GLM-5V-Turbo is the multimodal vision model in Z.ai (Zhipu / GLM)'s GLM Turbo line, released 1 April 2026 and now the current flagship of that line. Unlike a text model with a bolt-on image reader, GLM-5V-Turbo treats visual perception as a core part of reasoning, planning and execution: it takes images, short video clips, design drafts and document layouts directly in context and produces code, structured actions or GUI steps as output.

The headline use case is vision-to-code. GLM-5V-Turbo is tuned to turn a design mockup, screenshot or product walkthrough into runnable front-end code, and it is explicitly integrated for agentic coding workflows such as OpenClaw and Claude Code. Architecturally it builds on the GLM-5-Turbo text base, adding the CogViT vision encoder and a Multimodal Multi-Token Prediction (MMTP) path so it keeps competitive text-only coding ability while gaining native multimodal grounding.

GLM-5V-Turbo is served only through Z.ai's API and chat platform — unlike the open-weights GLM-5 flagship, this Turbo vision variant ships proprietary with no published weights.
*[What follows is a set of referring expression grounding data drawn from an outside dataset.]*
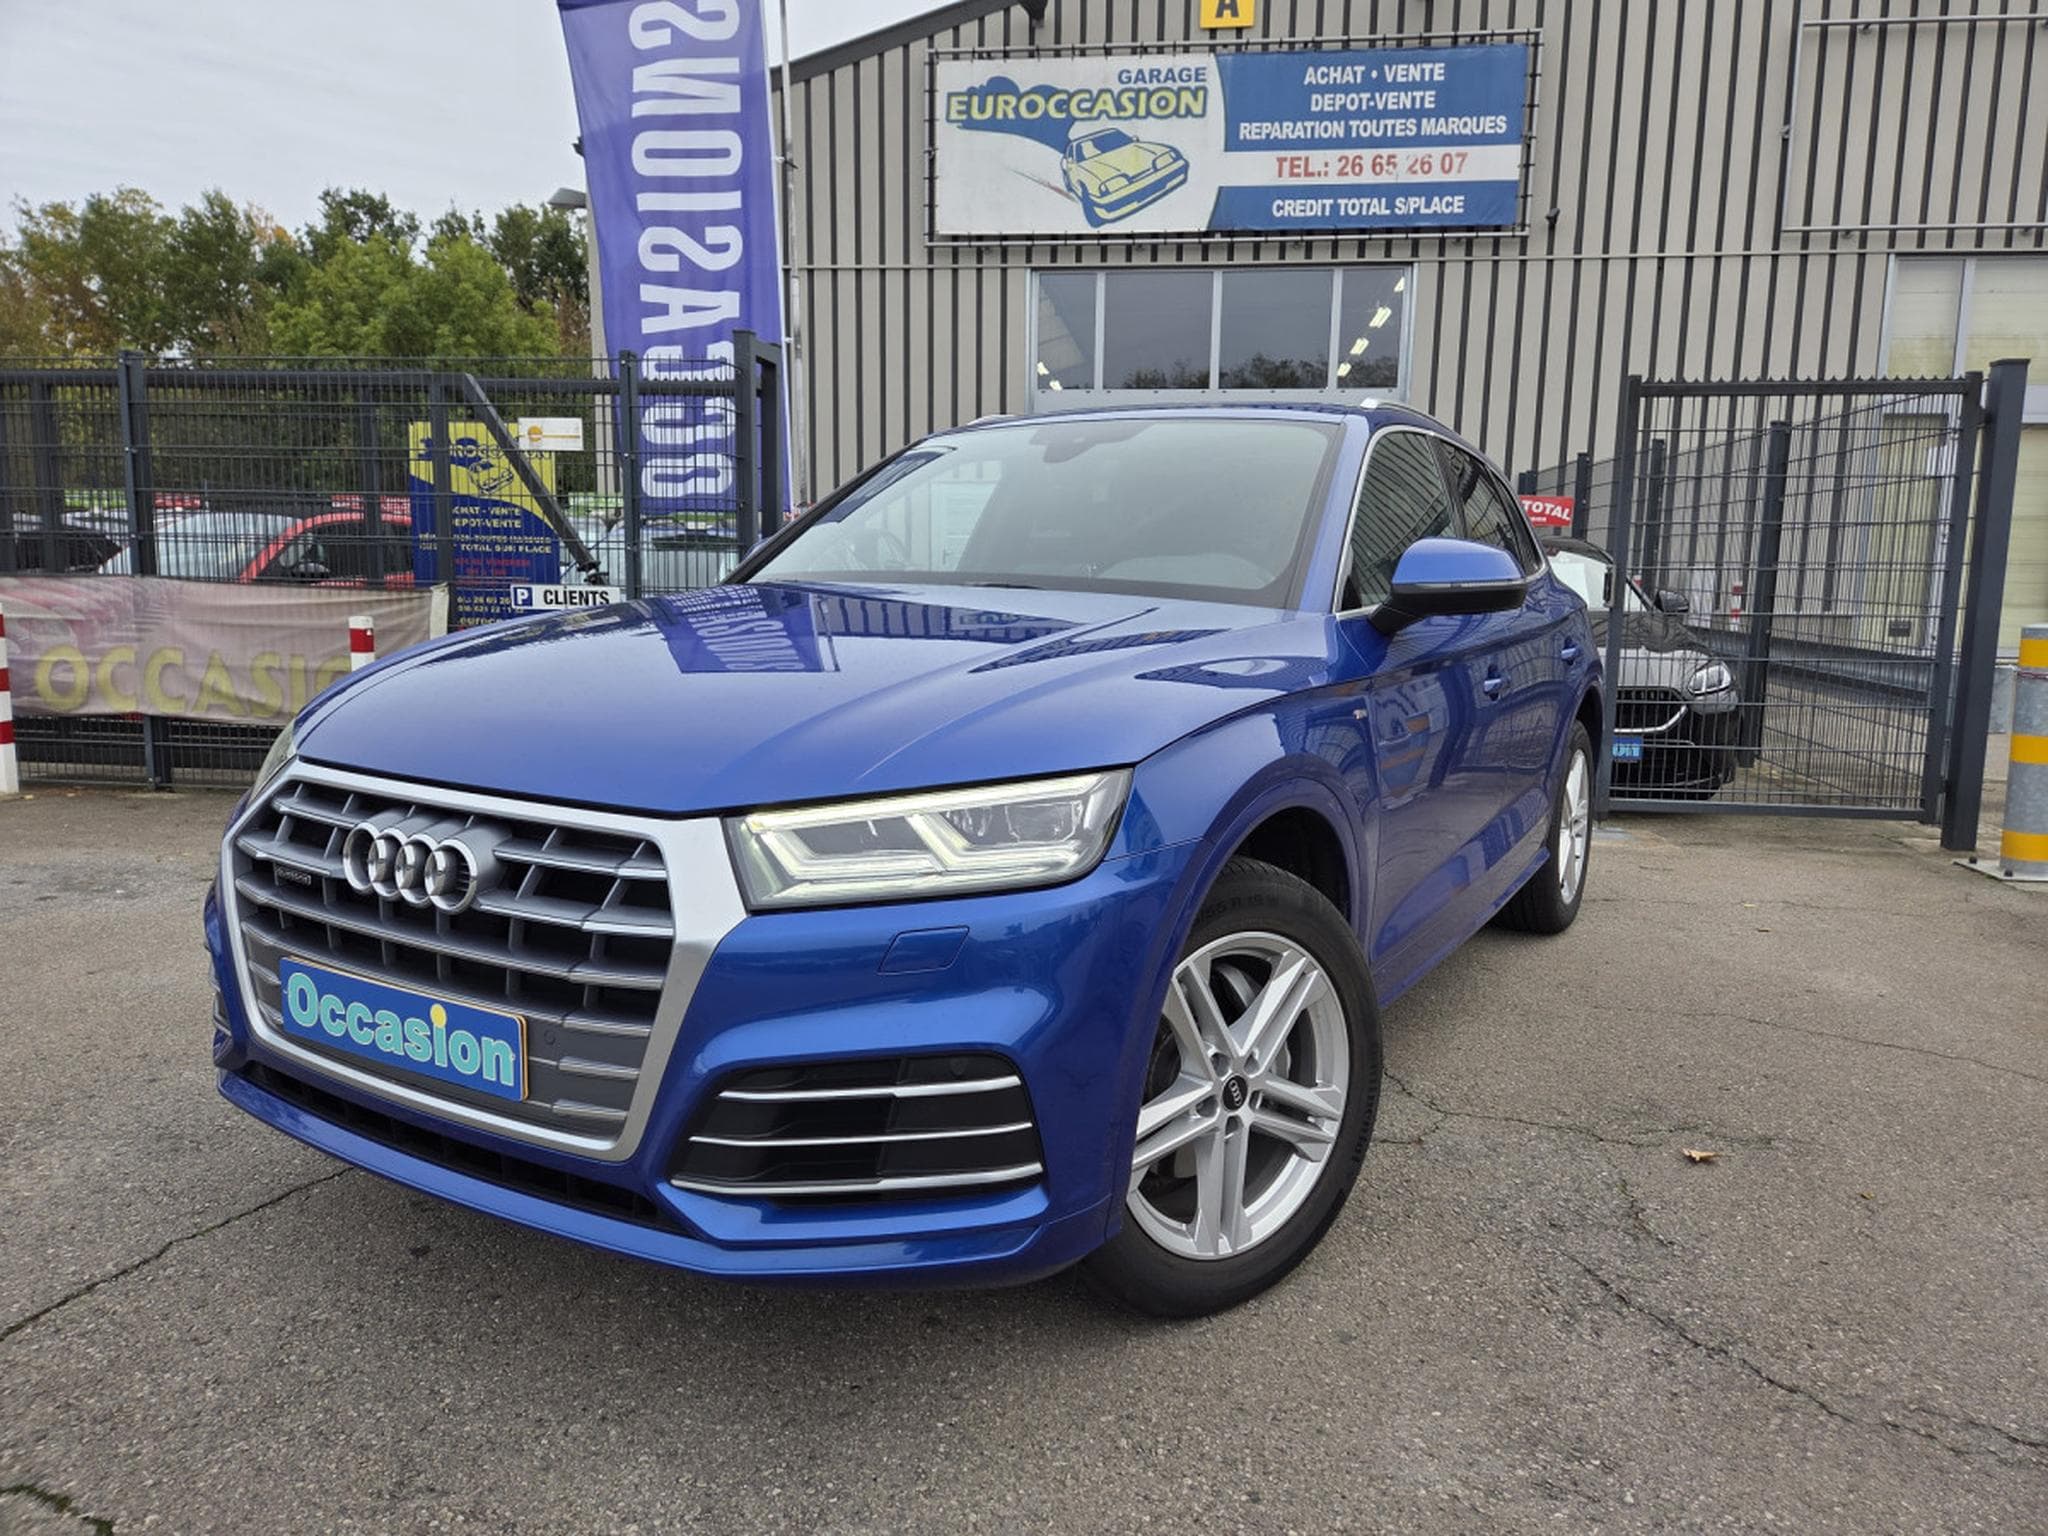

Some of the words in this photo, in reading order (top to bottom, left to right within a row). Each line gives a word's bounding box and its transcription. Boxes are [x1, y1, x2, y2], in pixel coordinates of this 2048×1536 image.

[1118, 67, 1207, 84] GARAGE
[1304, 65, 1365, 85] ACHAT
[1384, 62, 1446, 82] VENTE
[946, 86, 1209, 121] EUROCCASION
[1311, 91, 1436, 112] DEPOT-VENTE
[1239, 120, 1345, 140] REPARATION
[1348, 118, 1417, 137] TOUTES
[1421, 115, 1508, 136] MARQUES
[1276, 156, 1330, 178] TEL.:
[1337, 155, 1364, 177] 26
[1440, 152, 1469, 174] 07
[1272, 198, 1336, 218] CREDIT
[1337, 197, 1391, 215] TOTAL
[1395, 195, 1465, 215] S/PLACE
[1520, 499, 1571, 521] TOTAL
[452, 518, 522, 528] EPOT-VENTE
[516, 588, 530, 605] P
[543, 588, 610, 606] CLIENTS
[287, 972, 516, 1087] Occasion
It exposes a 200K-token context window and up to 128K tokens of output, supports thinking mode, streaming, function calling and context caching, and is priced at $1.20 per million input tokens and $4.00 per million output tokens.

Released	2026-04-01
License	Proprietary (API-only)
Weights	API only
Context	200K
Max output	128K
Architecture	Native multimodal model built on the GLM-5-Turbo text base, pairing the CogViT vision encoder with a Multimodal Multi-Token Prediction (MMTP) decoding path. Trained with '30+ Task Joint Reinforcement Learning' spanning STEM reasoning, visual grounding, video analysis, document understanding, GUI interaction and tool use. Z.ai has not disclosed total or active parameter counts for this variant.
Knowledge cutoff	Not disclosed
Modalities	Text, Vision, Video, PDF
Status	Available

Benchmarks

Benchmark table comparing GLM-5V-Turbo with Kimi K2.5 and Claude Opus 4.6 across multimodal coding (Design2Code, Flame-VLM-Code, Vision2Web), multimodal tool use (ImageMining, BrowseComp-VL, MMSearch, MMSearch-Plus, SimpleVQA, Facts, V*) and GUI agent (OSWorld, AndroidWorld, WebVoyager) benchmarks. — Z.ai's multimodal coding, tool-use and GUI-agent benchmark results for GLM-5V-Turbo vs Kimi K2.5 and Claude Opus 4.6. — Z.ai (Zhipu / GLM)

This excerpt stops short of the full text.